Al llegar a la frontera, donde estaban los hoteles y un puesto de aduanas, dejamos al caballero proseguir su viaje a Vichy, yo me quedé con las damas para disfrutar del tradicional desayuno lugareño, una buena polenta con salsa de truchas. A partir de entonces, mientras la señora mayor, sentada en el balcón del hotel con la paleta, pintaba una vista del lago, la isla, las plantas, con el fondo de los picos nevados, cubiertos por el hielo eterno imitando el color del cielo, yo, junto a las jóvenes señoritas, rodeamos a pié el hermoso lago, visitamos la abadía, donde conocimos a un amabilísimo capellán. Hicimos también un paseo por el lago en un botecito mientras esperábamos el tren de regreso. En las montañas todo es hermoso y solemne, parece que la naturaleza nos invitara a la expansión del alma; Tal vez la atmósfera hace que nuestro pensamiento se eleve hacia la libertad; y nuestro corazón, vacío por el egoísmo mundano, mejora haciéndose cada vez más bueno y más sensible, frente al deseo de penetrar y comprender los misterios de la naturaleza.
En esos momentos envidié los conocimientos de un geólogo, y adentrarme en el estudio de esas rocas redondeadas, comprender su origen mecánico, químico, volcánico o producido por alguna metamorfosis; habría querido estudiar la fusión por ignición para comprender exactamente el origen de su estructura cristalina; así también las morenas, pequeños montículos abandonados por el hielo en su lento descenso a todo lo largo de los flancos de la montaña.

Habría deseado ser botánico para estudiar las maravillas de la flora; ver los primeros brotes blancos de una estrella alpina entre la nieve, por los que habría arriesgado la vida en algún barranco o un precipicio para llamar la atención de esas hermosas y simpáticas señoritas, mis compañeras de viaje, pero no encontré ninguno.

Habría considerado ser zoólogo para estudiar la fauna, el oso, las gamuzas, las marmotas, etc. Pero por desgracia no era posible y debí contentarme con mirarlas, hasta que volvimos a las instalaciones del balneario.
Al día siguiente, durante el almuerzo, oímos a la distancia un sonido como de un trueno continuo, una media hora más tarde, un estrépito enorme.
Salimos todos para mirar; algunos más atrevidos no dudaron siquiera en bajar hasta el valle.
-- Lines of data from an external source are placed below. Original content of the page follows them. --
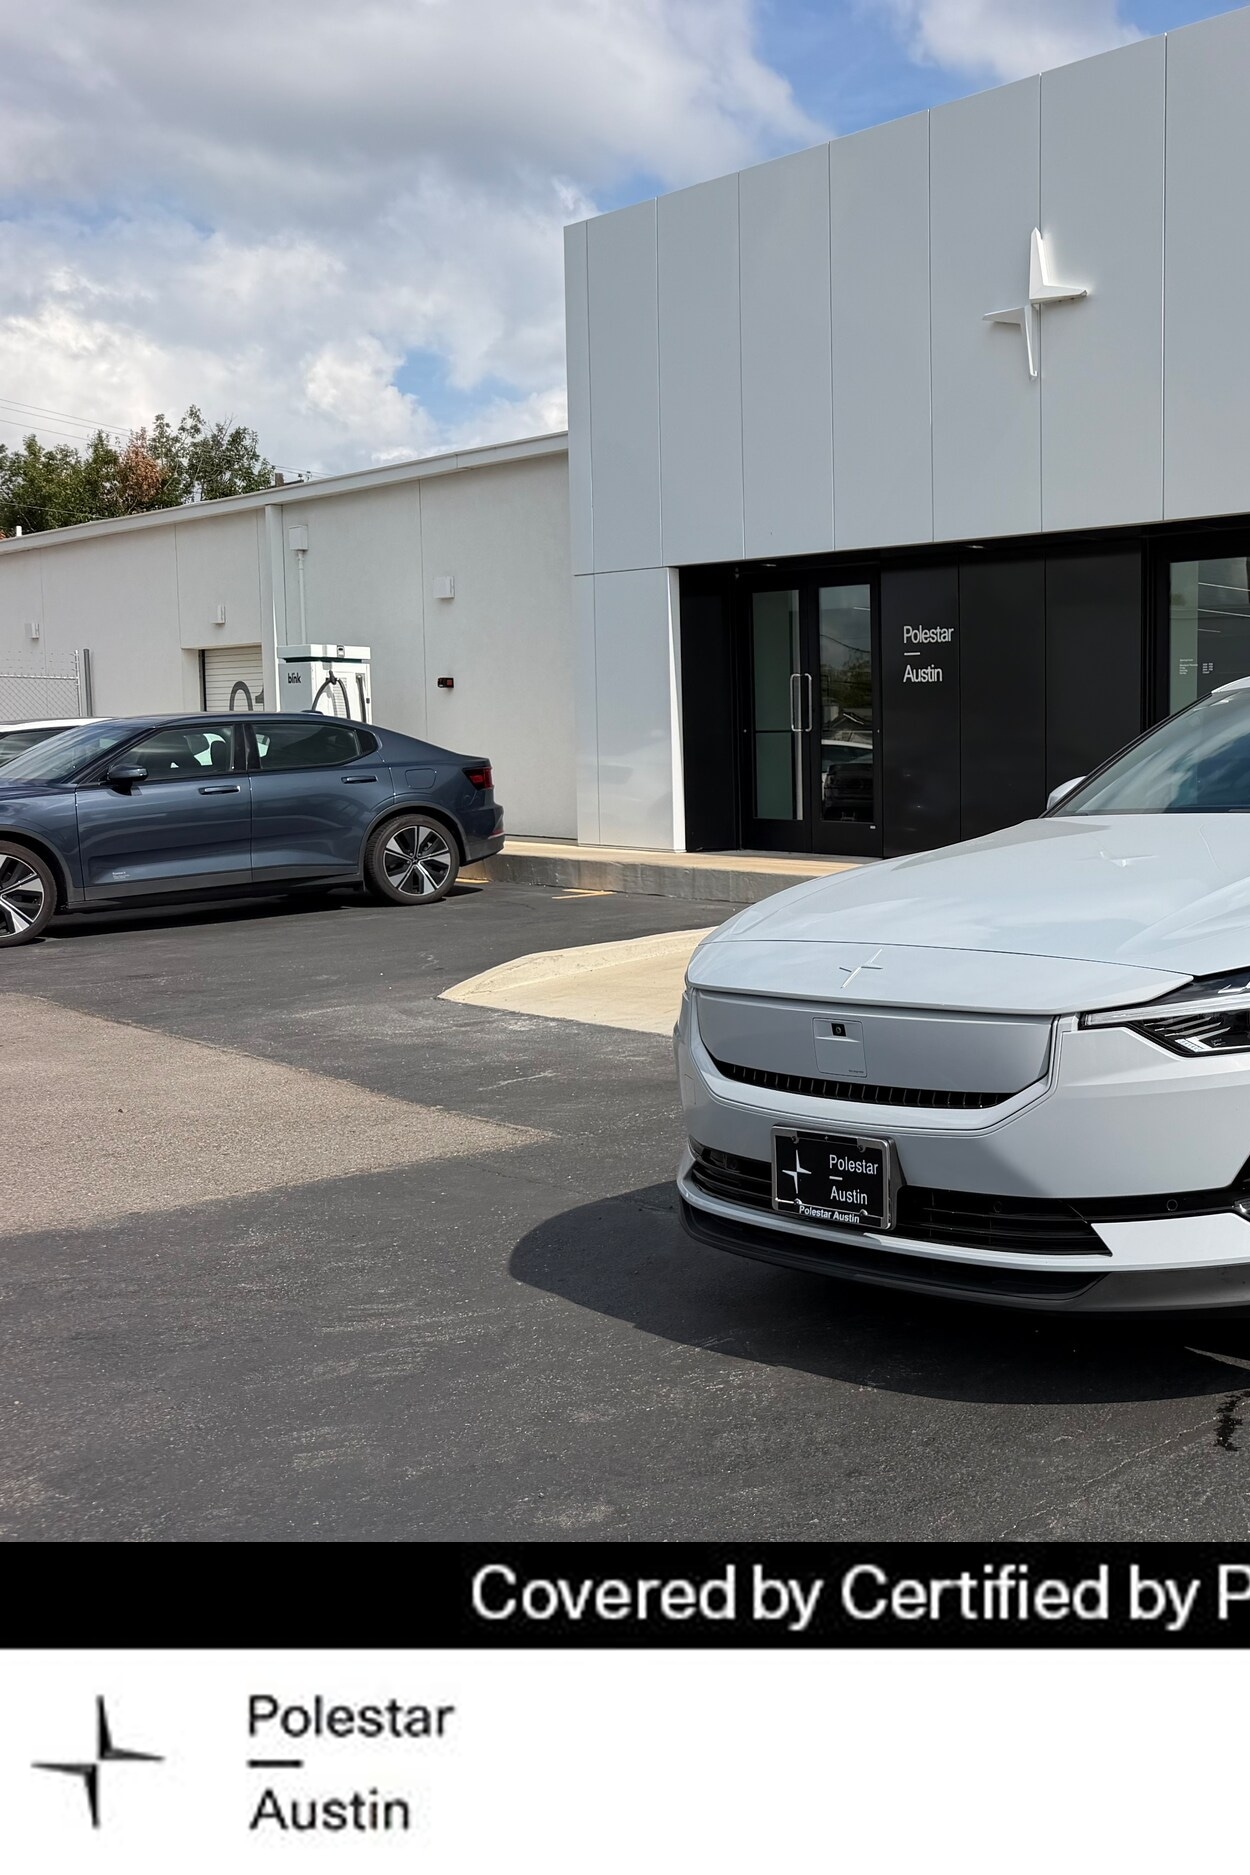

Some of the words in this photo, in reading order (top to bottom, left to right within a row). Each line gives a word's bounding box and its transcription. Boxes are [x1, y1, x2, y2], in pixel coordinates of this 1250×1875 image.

[903, 624, 955, 644] Polestar
[287, 672, 302, 684] blink
[903, 664, 943, 683] Austin
[828, 1153, 879, 1176] Polestar
[829, 1184, 868, 1206] Austin
[799, 1204, 832, 1219] Polestar
[832, 1210, 861, 1224] Austin
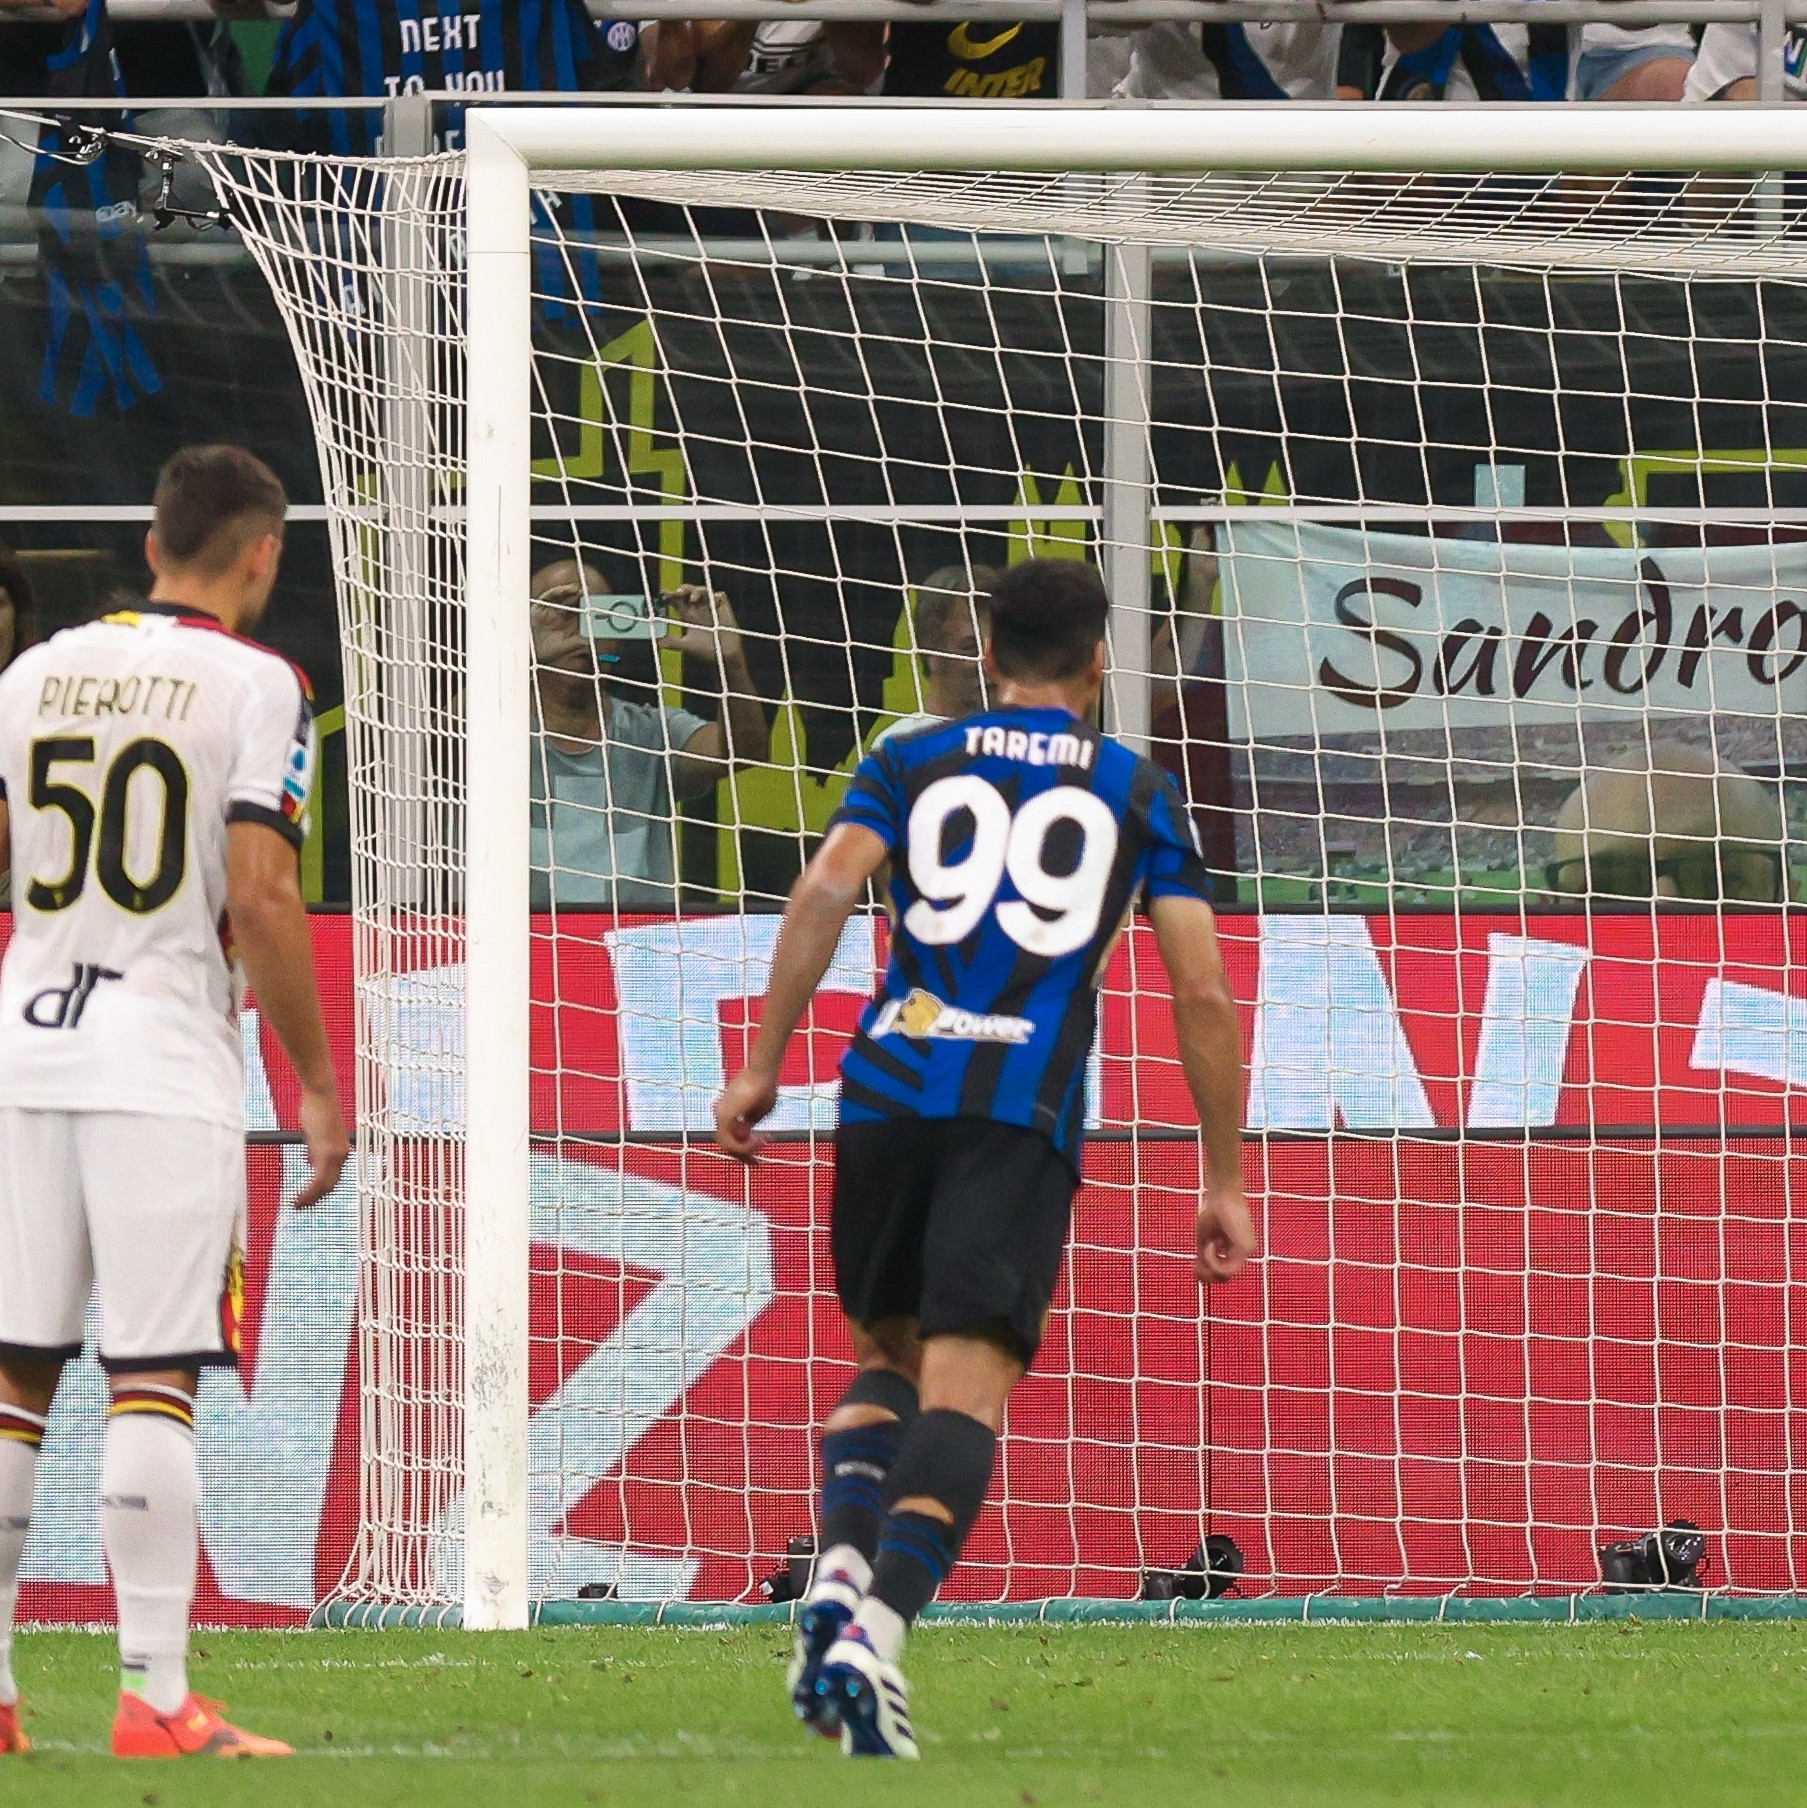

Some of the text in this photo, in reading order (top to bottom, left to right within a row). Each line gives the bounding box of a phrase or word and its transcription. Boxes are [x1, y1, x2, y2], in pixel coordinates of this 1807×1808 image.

[399, 13, 482, 54] NEXT
[944, 57, 1047, 98] INTER
[37, 674, 198, 724] PIEROTTI
[963, 723, 1094, 772] TAREMI
[26, 734, 191, 914] 50
[902, 773, 1120, 958] 99
La vista del espectáculo era sublime, aunque terribles sus consecuencias. Un verdadero torrente de barro bajó del monte Roccia llevando con él enormes rocas y arrastrando a su paso árboles, paredes, un puente y hasta la casita del párroco, precipitándolo todo al abismo. Era, sin embargo, un fenómeno maravilloso desde donde estábamos los espectadores, el cielo se mantenía claro y sereno, pero más allá del valle, sobre el monte Roccia se desencadenaba el huracán.
Terminada la temporada de baños, regresé a Turín. Allí recibí una comunicación de un armador genovés. Decía que estaba buscando un médico con título universitario italiano para el cruce del Atlántico. Aclaraba expresamente la suma de dinero que ofrecía como retribución. Acepté. Puse una única condición, que incluyera el viaje de regreso, tomándome seis meses tras llegar a Buenos Aires.